Bis zu meinem 15. Lebensjahr war ich in der Elite. Diese beendete ich mit dem Hauptschulabschluss. Das war damals so. Danach konnte man noch das Abitur oder eine Ausbildung machen. Aber für mich ging’s nach Deutschland. Meine Eltern blieben in der Tschechoslowakei. Es gab im Jahr 1992 ein Turnier in der Nähe von Fürth, bei dem ich mit der Nationalmannschaft oder mit der Auswahl dabei war. Ich habe damals ein paar ganz gute Bälle gehalten. Dort wurde man auf mich aufmerksam. Im selben Jahr bot – durch die Grenzöffnung – die Bayerische Bauindustrie der Tschechoslowakei eine Kooperation an. Die – vom Schulergebnis her – fünfzig besten Kinder bekamen die Chance, eine Ausbildung in Bayern zu machen. Und es kamen 51 Kinder nach Bayern… Wir mussten an einem Schnelldeutschkurs teilnehmen, um eben eine Ausbildung in Deutschland machen zu können. Schon vorher wurde ausgemacht, dass ich auf Grund des Fußballs, eine Ausbildung in München machen muss wegen des FC Bayern. Ich kam her, habe mich gleich verletzt. Erste OP, am Meniskus. Dann wurde ich zwei Jahre an die SpVgg Unterhaching ausgeliehen. Dort spielte ich zwei Jahre und kam dann zurück zum FC Bayern.
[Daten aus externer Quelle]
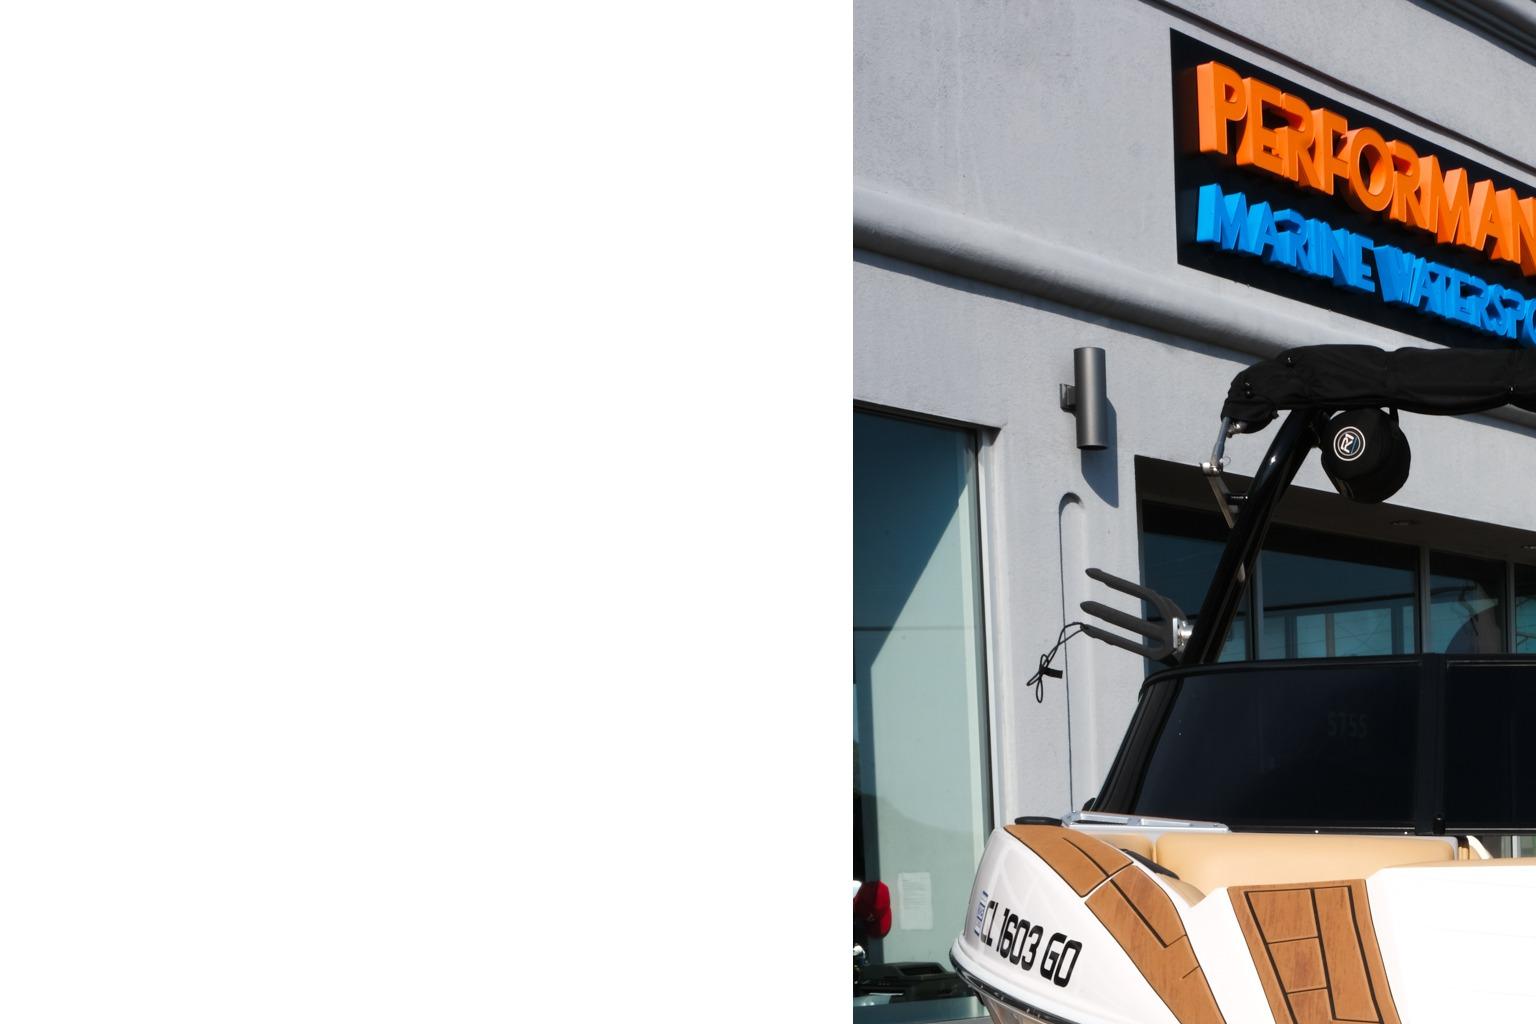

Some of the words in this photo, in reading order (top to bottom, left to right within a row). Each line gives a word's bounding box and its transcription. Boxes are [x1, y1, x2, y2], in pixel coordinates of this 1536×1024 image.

[1196, 183, 1376, 293] MARINE
[981, 900, 999, 947] CL
[996, 907, 1044, 971] 1603
[1040, 932, 1083, 988] GO
Wie war es in dieser Zeit mit dem Heimfahren, mit Heim- und Fernweh? Oder haben Sie sich erstmal gefreut, ein Abenteuer zu erleben und in ein neues Land zu kommen?
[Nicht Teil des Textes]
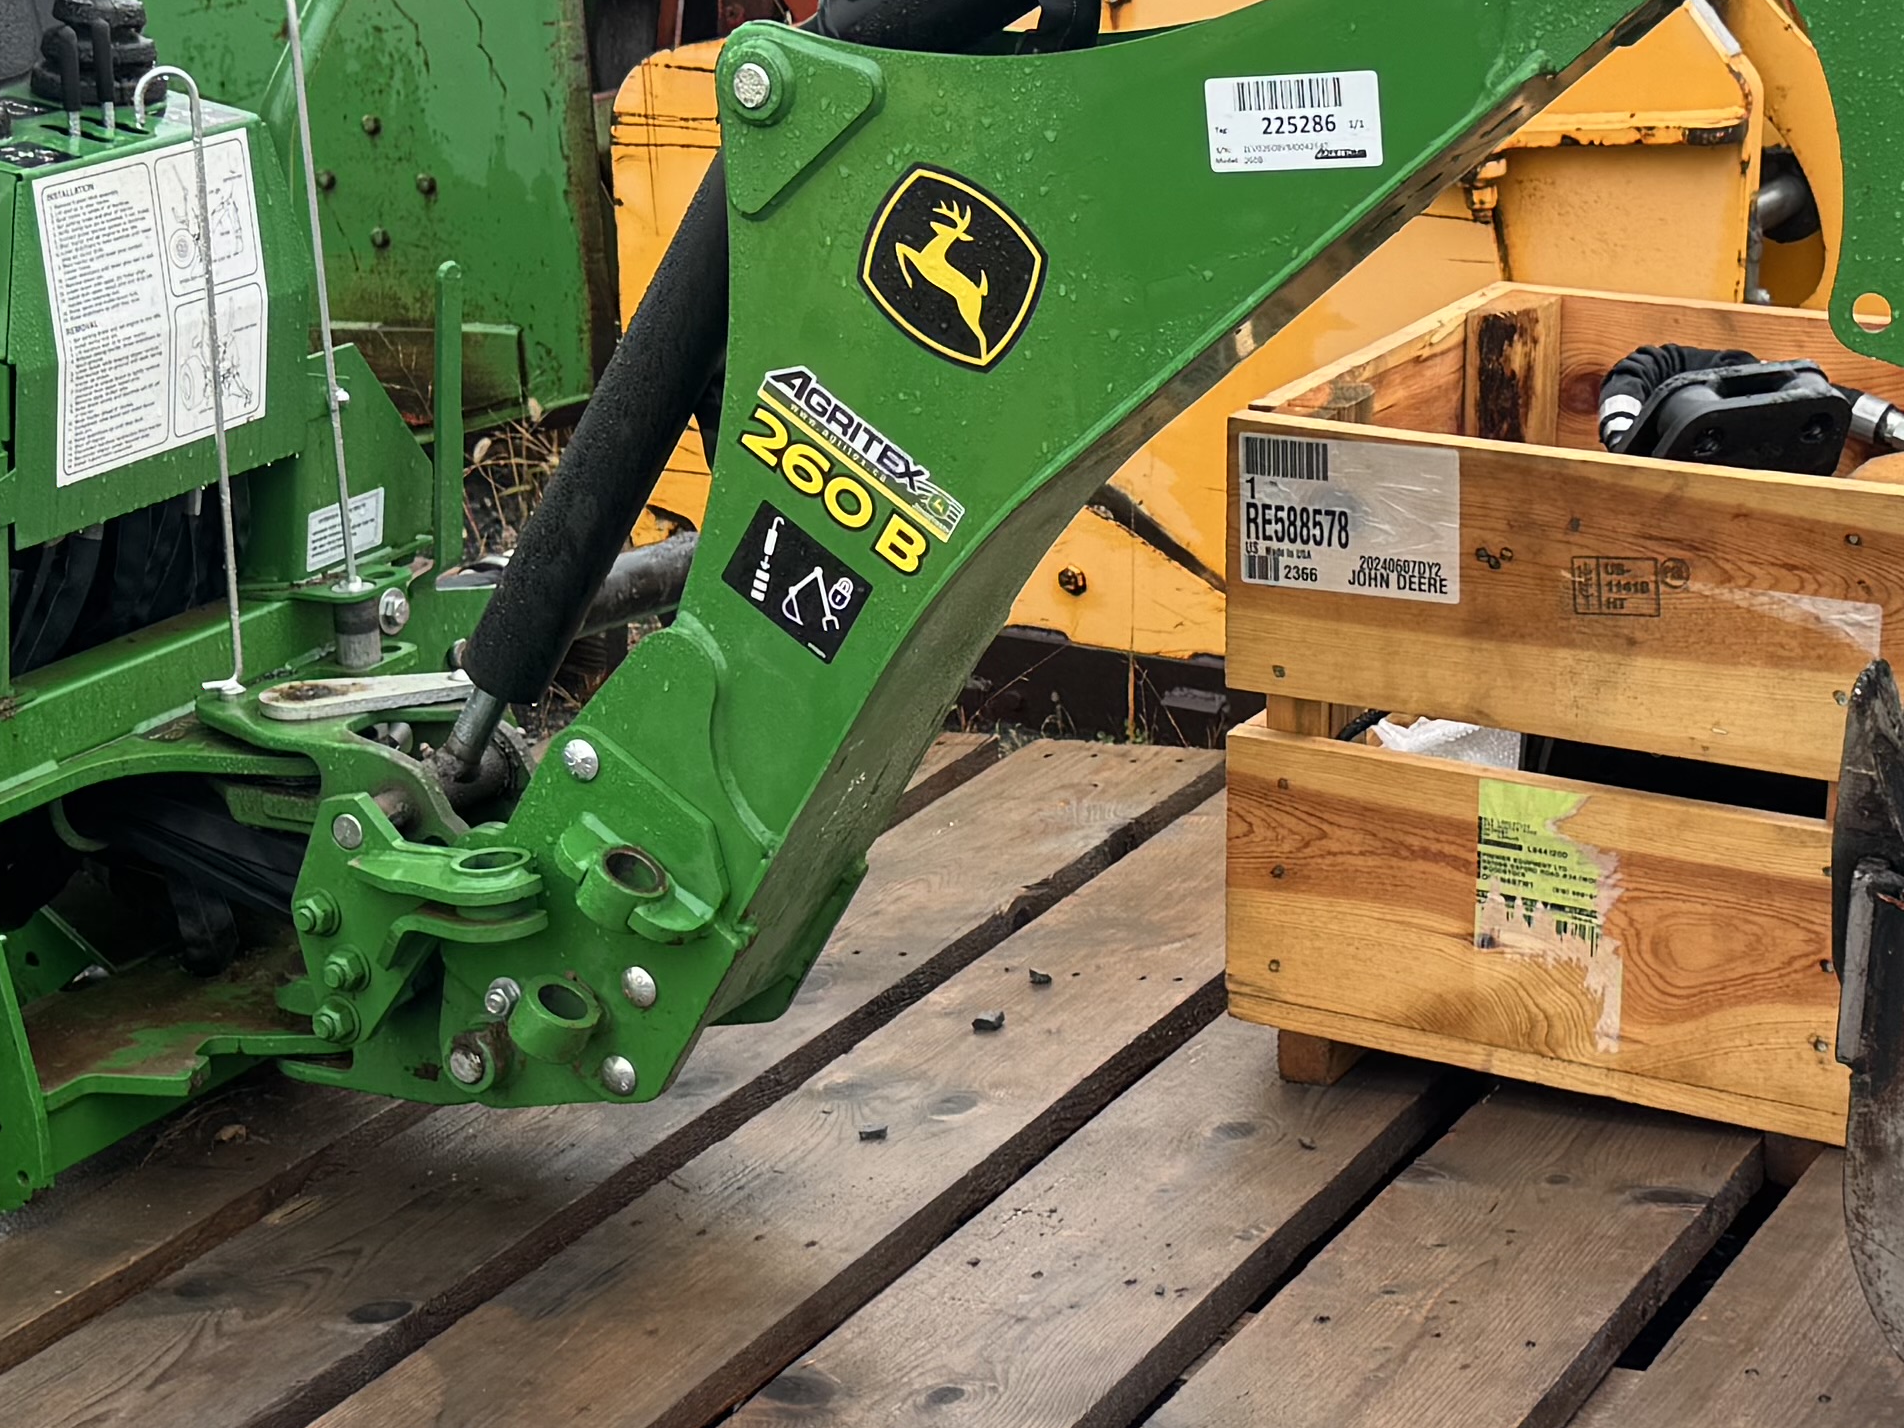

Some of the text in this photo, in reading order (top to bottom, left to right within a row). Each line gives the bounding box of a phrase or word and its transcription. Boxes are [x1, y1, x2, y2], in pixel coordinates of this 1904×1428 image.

Ich kam mit 15 Jahren hierher und bekam eine eigene Wohnung. Am Anfang war das Ganze schon etwas seltsam für mich. Meine Eltern zum Beispiel mussten acht Jahre lang für eine Mikrowelle sparen, welche es bei uns nicht gab. Dann ging die Grenze auf und wir haben uns diese Mikrowelle gekauft. Ich bin im Plattenbau aufgewachsen. In dem einen großen Block, in welchem vierzig Familien gewohnt haben, hatten wir als einzige eine Mikrowelle. Ein Nachbar hatte einen Videorekorder. Ich kam nach Deutschland und hatte alles. Mein erster Gedanke war, alles mit nach Hause zu nehmen und zu verschenken. Bei uns im Supermarkt gab es nur zwei Marmeladen: eine rote und eine gelbe. Und wir waren alle glücklich und zufrieden. Da gab es keinen Streit. Man kannte nichts anderes. Und da kam ich hierher und es gab vierzig verschiedene Marmeladen. Und dann gab es Menschen, die eine bestimmte wollten, die es gerade nicht gab und sie regten sich voll auf und für sie war der ganze Tag im Eimer (nachdenklich).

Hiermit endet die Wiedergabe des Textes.